Los Angeles can feel like a city of nomads in many ways, especially when you’re among the masses working on screenplays or updating their LA Casting profiles in coffee shops. Whether you’re just checking email or working on your opus, join them – it provides a peculiar-but-heartwarming sense of community. Chances are you’ll find a friendly WiFi sign in most coffee shop windows, like at Groundwork (Map 3) and Bourgeois Pig (Map 3) in Hollywood. Or, for the defiantly autonomous, most of the Los Angeles Public Library branches (www.lapl.org) are wireless. Wi-Fi hotspots can be found in the most unlikely of places around the city: Santa Monica’s Krispy Kreme (Map 18) and Hollywood’s venerable dive bar Boardner’s (Map 3) are both wireless. Even downtown’s Pershing Square is wireless. A noble gesture, yes, but the services are lost on the homeless population who most often frequent the park.

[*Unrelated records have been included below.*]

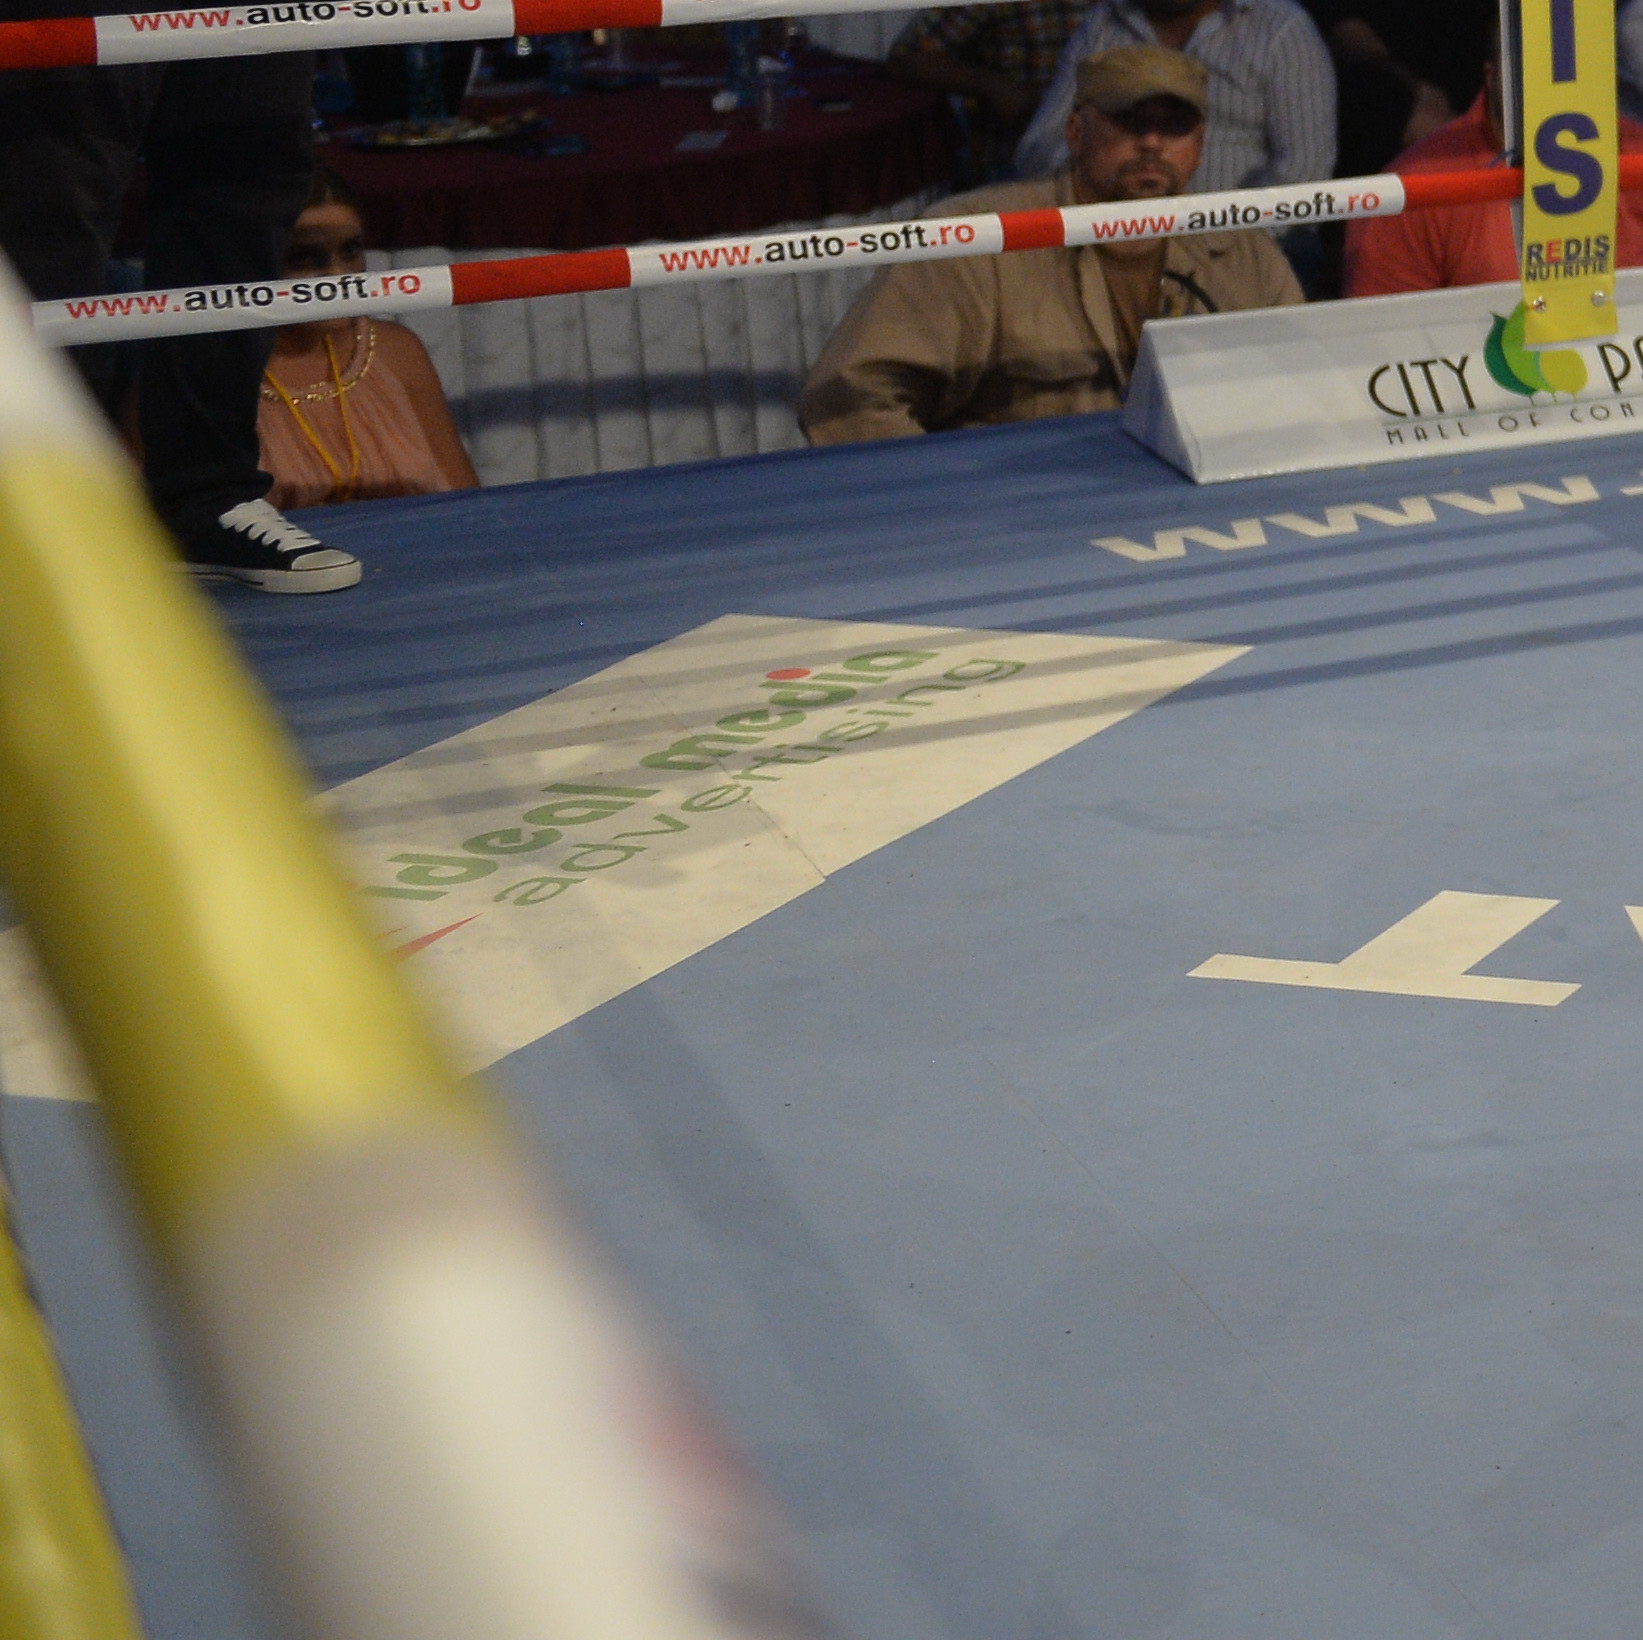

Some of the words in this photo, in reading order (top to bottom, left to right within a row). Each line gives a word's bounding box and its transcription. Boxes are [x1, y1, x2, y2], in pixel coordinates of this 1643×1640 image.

[65, 271, 421, 320] www.auto-soft.ro
[659, 221, 976, 273] www.auto-soft.ro
[1092, 189, 1381, 240] www.auto-soft.ro
[1525, 234, 1611, 264] REDIS
[1367, 354, 1477, 419] CITY
[1386, 420, 1470, 446] MALL
[492, 658, 1027, 906] advertising
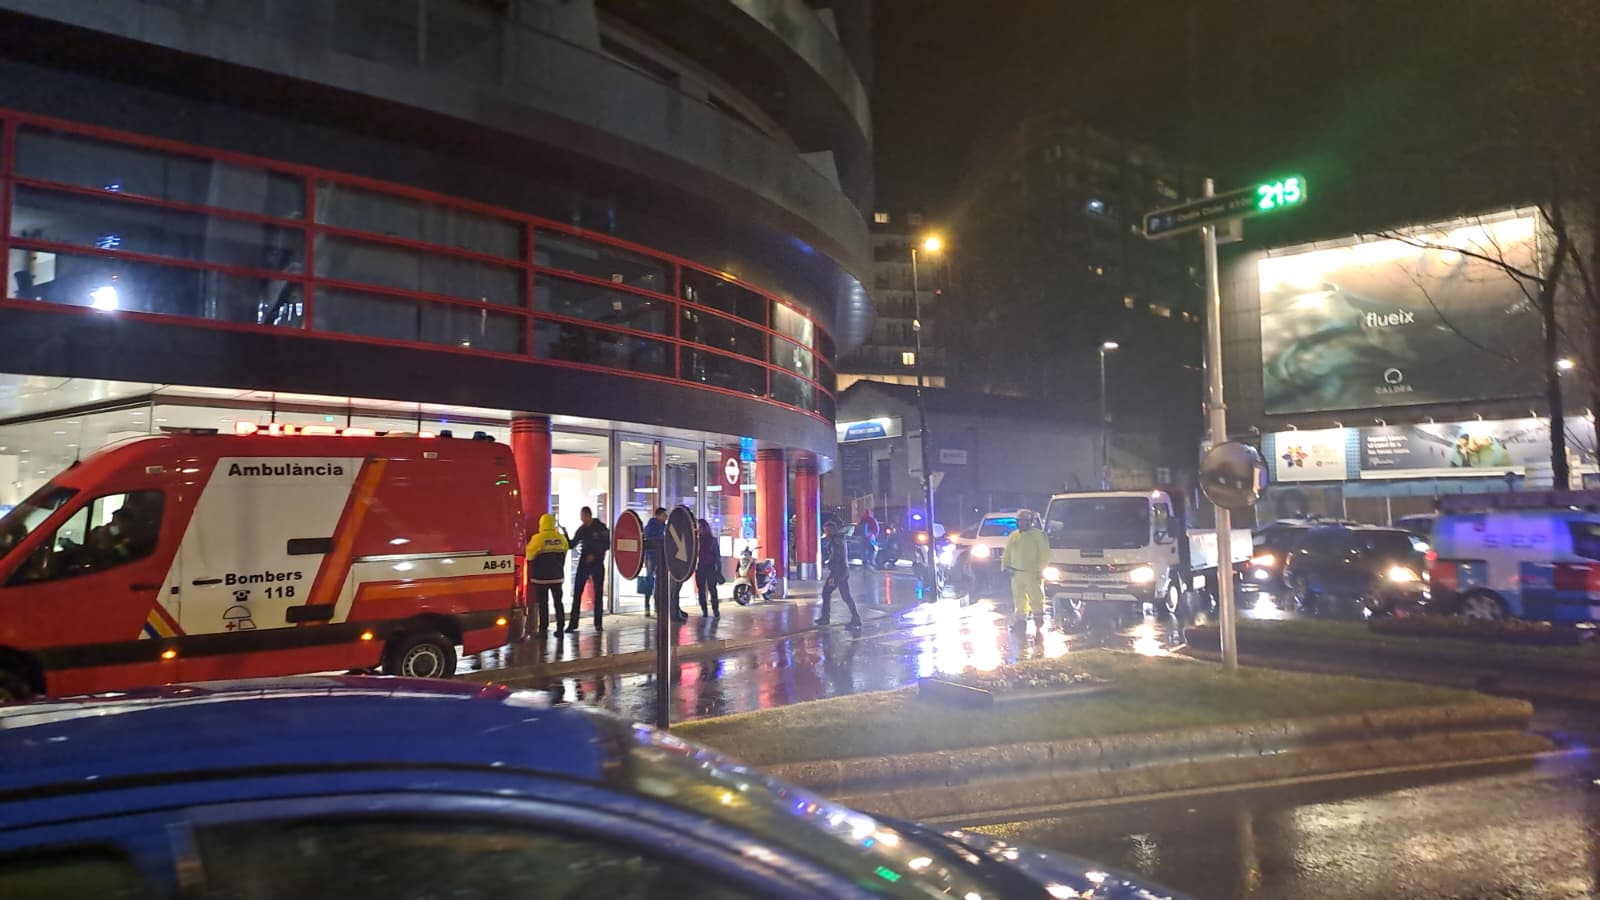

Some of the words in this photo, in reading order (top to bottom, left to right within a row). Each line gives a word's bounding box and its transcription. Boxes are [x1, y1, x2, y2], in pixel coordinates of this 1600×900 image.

[1257, 177, 1302, 209] 215
[1366, 308, 1415, 328] flueix
[228, 463, 344, 477] Ambulància
[483, 559, 512, 571] AB-61
[225, 570, 303, 586] Bombers
[264, 585, 296, 600] 118
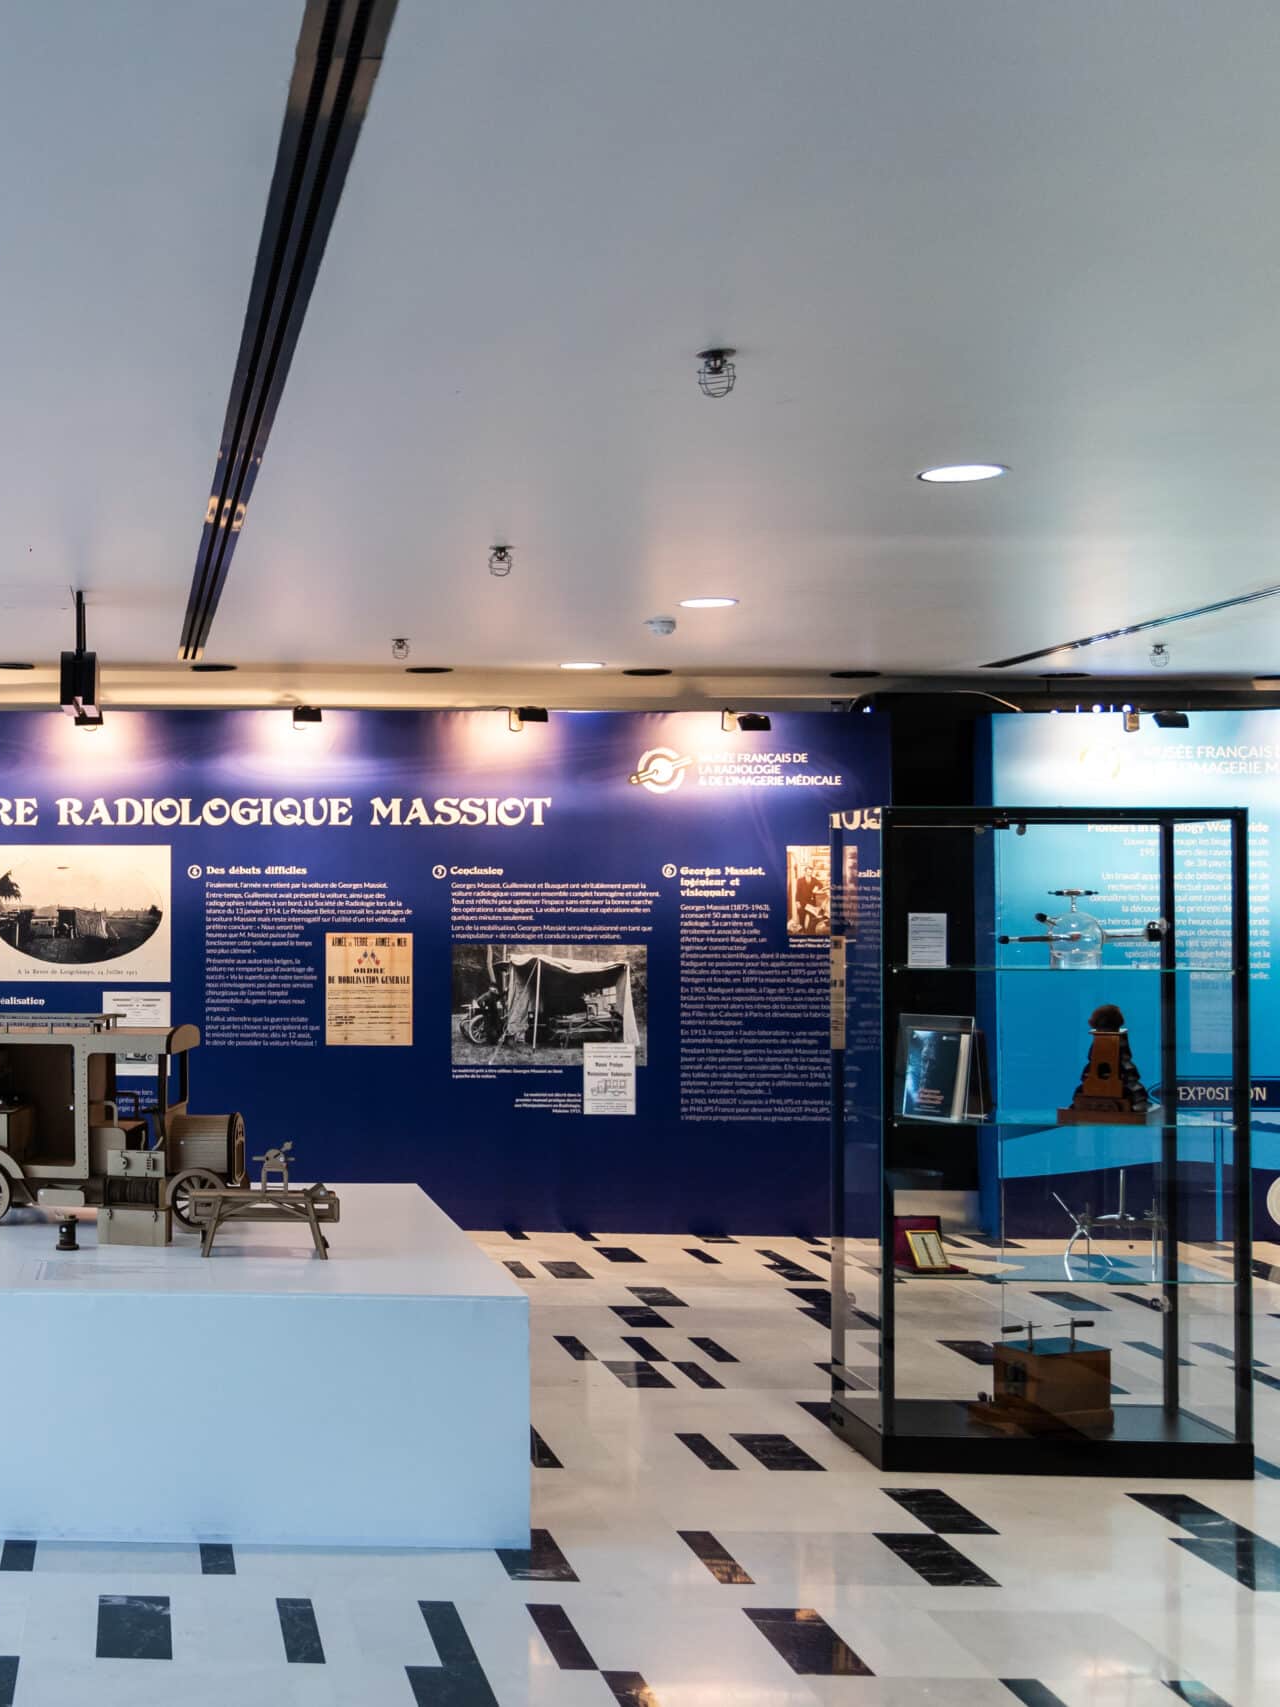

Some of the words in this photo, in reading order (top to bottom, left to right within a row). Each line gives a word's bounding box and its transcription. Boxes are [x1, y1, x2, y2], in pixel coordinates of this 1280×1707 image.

[737, 752, 792, 765] FRANÇAIS
[793, 753, 808, 763] DE
[1196, 745, 1272, 761] FRANÇAIS
[714, 765, 781, 775] RADIOLOGIE
[785, 774, 842, 786] MÉDICALE
[55, 797, 353, 828] RADIOLOGIQUE
[369, 796, 553, 827] MASSIOT
[206, 866, 225, 875] Des
[228, 866, 261, 875] débuts
[264, 865, 307, 875] difficiles
[450, 866, 504, 876] Conclusion
[680, 866, 721, 877] Georges
[338, 975, 380, 985] MOBILISATION
[1178, 1086, 1267, 1101] EXPOSIN
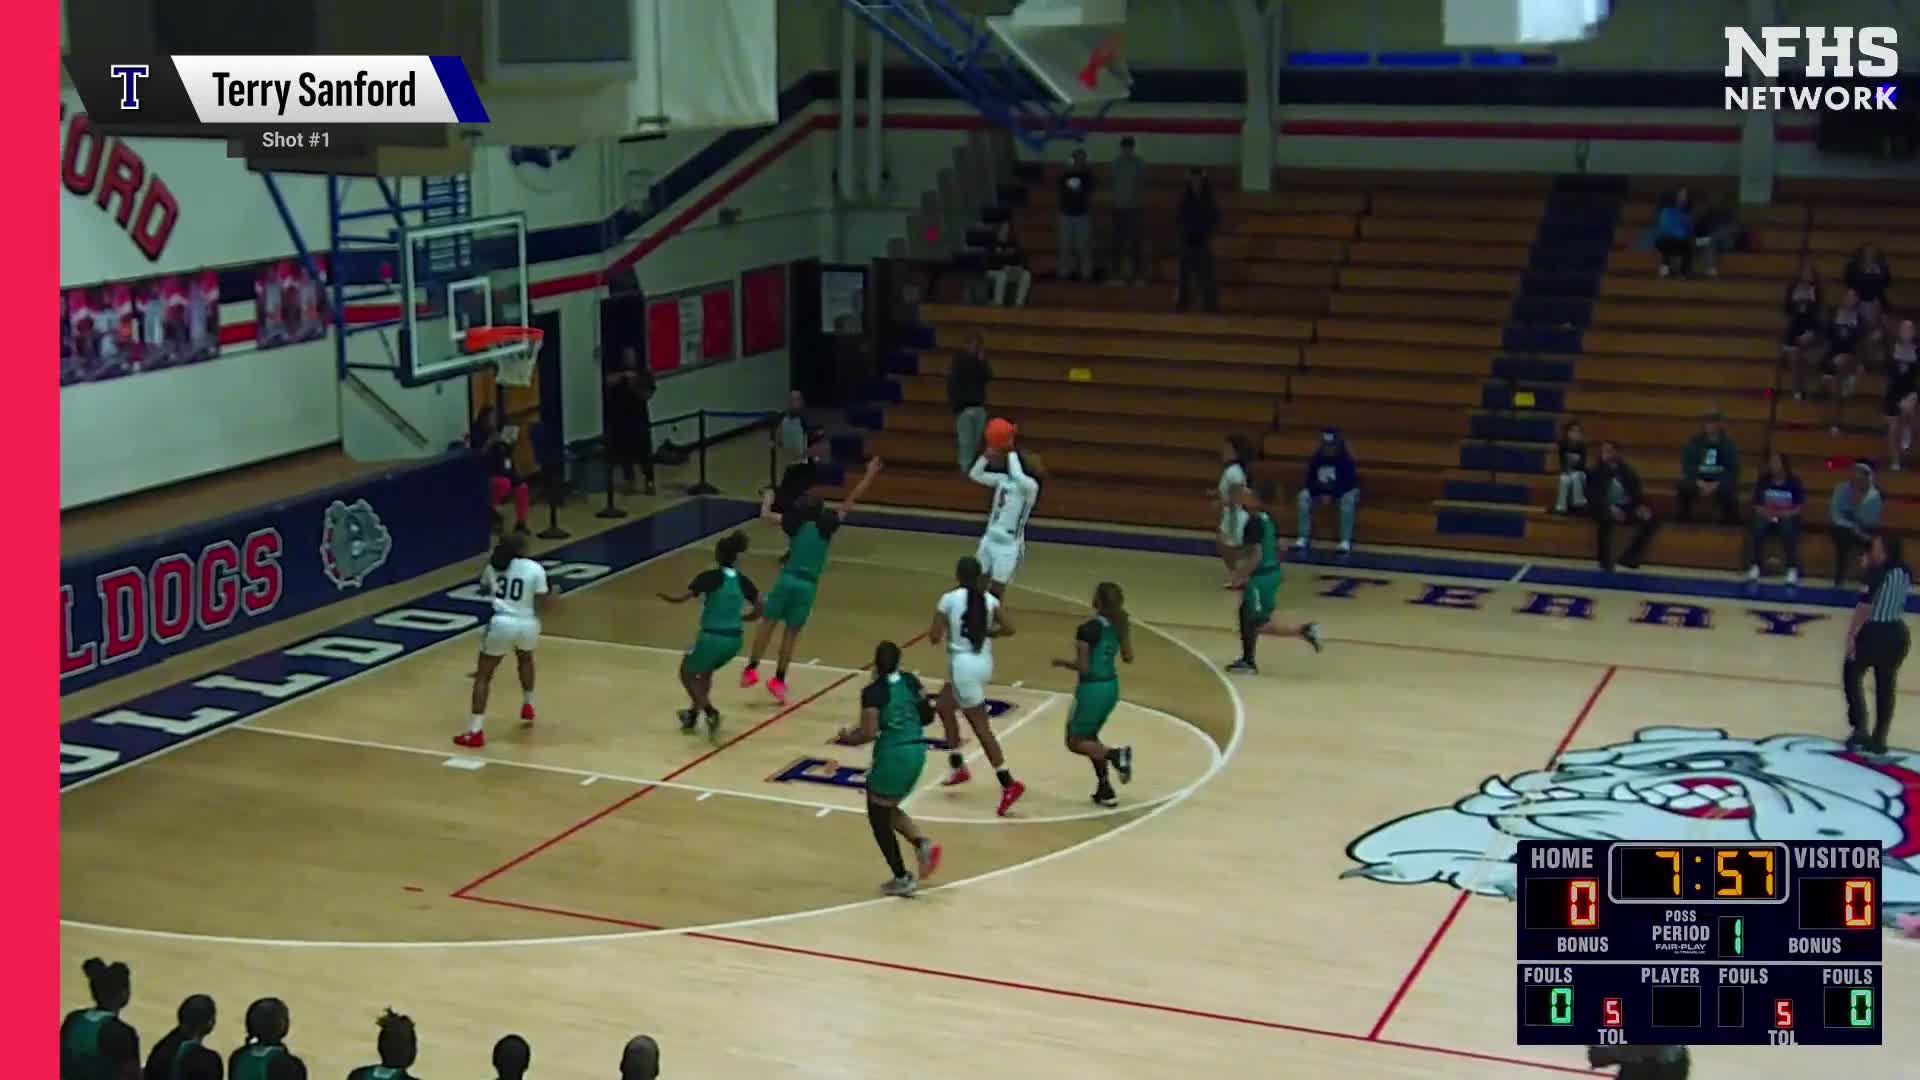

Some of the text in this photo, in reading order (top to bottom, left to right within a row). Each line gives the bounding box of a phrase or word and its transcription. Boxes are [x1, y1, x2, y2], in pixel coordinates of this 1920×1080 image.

[60, 103, 180, 263] ORD
[495, 577, 523, 601] 30
[1317, 575, 1829, 637] TERRY

T-Mobile allows you to “get more” at a price by offering high-speed wireless broadband Internet service in public locations such as Starbucks, Borders, FedEx Kinko’s, Hyatt Hotels & Resorts, Red Roof Inns, and select airport and airport clubs. Access prices vary; consult www.hotspot.t-mobile.com for details. LAX offers Wi-Fi in certain terminals, as do several hotels including downtown’s Marriott (Map 9), the Chateau Marmont (Map 2) in West Hollywood, and LAX’s Courtyard (Map 26).

Check www.wififreespot.com/ca.html or www.wi-fihotspotlist.com for a complete list of local Wi-Fi opportunities—or if you don’t find this morally objectionable, you could always try to tap into someone’s network for free. Then again, if you’re in LA, you most likely tossed your morals out the window somewhere south of Sunset.